__What needs to be done__
Reprint the lines below as they are, minus the pictures.

═══ Dataset records ═══

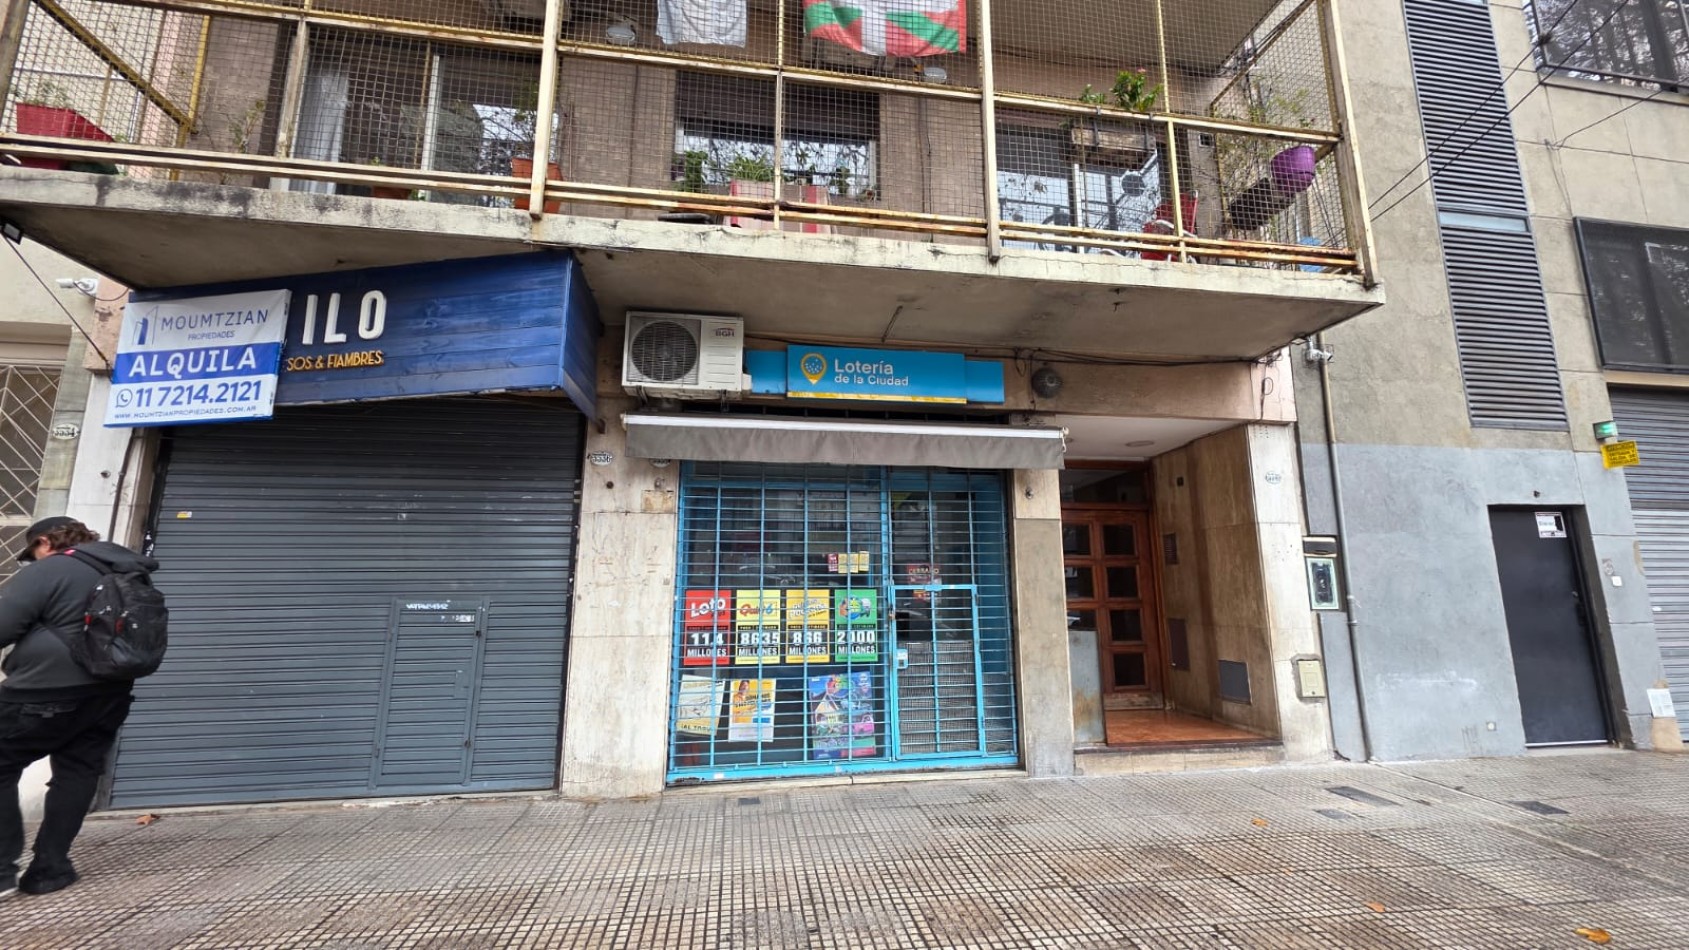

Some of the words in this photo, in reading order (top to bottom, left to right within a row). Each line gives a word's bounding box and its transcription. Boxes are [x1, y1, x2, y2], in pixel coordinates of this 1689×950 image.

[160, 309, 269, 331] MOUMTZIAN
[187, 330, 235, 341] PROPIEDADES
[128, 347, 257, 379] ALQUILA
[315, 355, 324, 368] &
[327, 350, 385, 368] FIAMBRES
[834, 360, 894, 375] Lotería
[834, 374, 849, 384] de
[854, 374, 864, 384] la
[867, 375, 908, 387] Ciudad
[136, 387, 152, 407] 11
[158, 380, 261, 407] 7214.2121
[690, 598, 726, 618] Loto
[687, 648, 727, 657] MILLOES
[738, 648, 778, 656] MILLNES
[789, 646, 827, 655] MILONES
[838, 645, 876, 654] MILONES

═══

__Answer space__
Some of the words in this photo, in reading order (top to bottom, left to right within a row). Each line gives a word's bounding box and its transcription. Boxes are [x1, y1, x2, y2], in pixel coordinates of this 1689×950 image.

[160, 309, 269, 331] MOUMTZIAN
[187, 330, 235, 341] PROPIEDADES
[128, 347, 257, 379] ALQUILA
[315, 355, 324, 368] &
[327, 350, 385, 368] FIAMBRES
[834, 360, 894, 375] Lotería
[834, 374, 849, 384] de
[854, 374, 864, 384] la
[867, 375, 908, 387] Ciudad
[136, 387, 152, 407] 11
[158, 380, 261, 407] 7214.2121
[690, 598, 726, 618] Loto
[687, 648, 727, 657] MILLOES
[738, 648, 778, 656] MILLNES
[789, 646, 827, 655] MILONES
[838, 645, 876, 654] MILONES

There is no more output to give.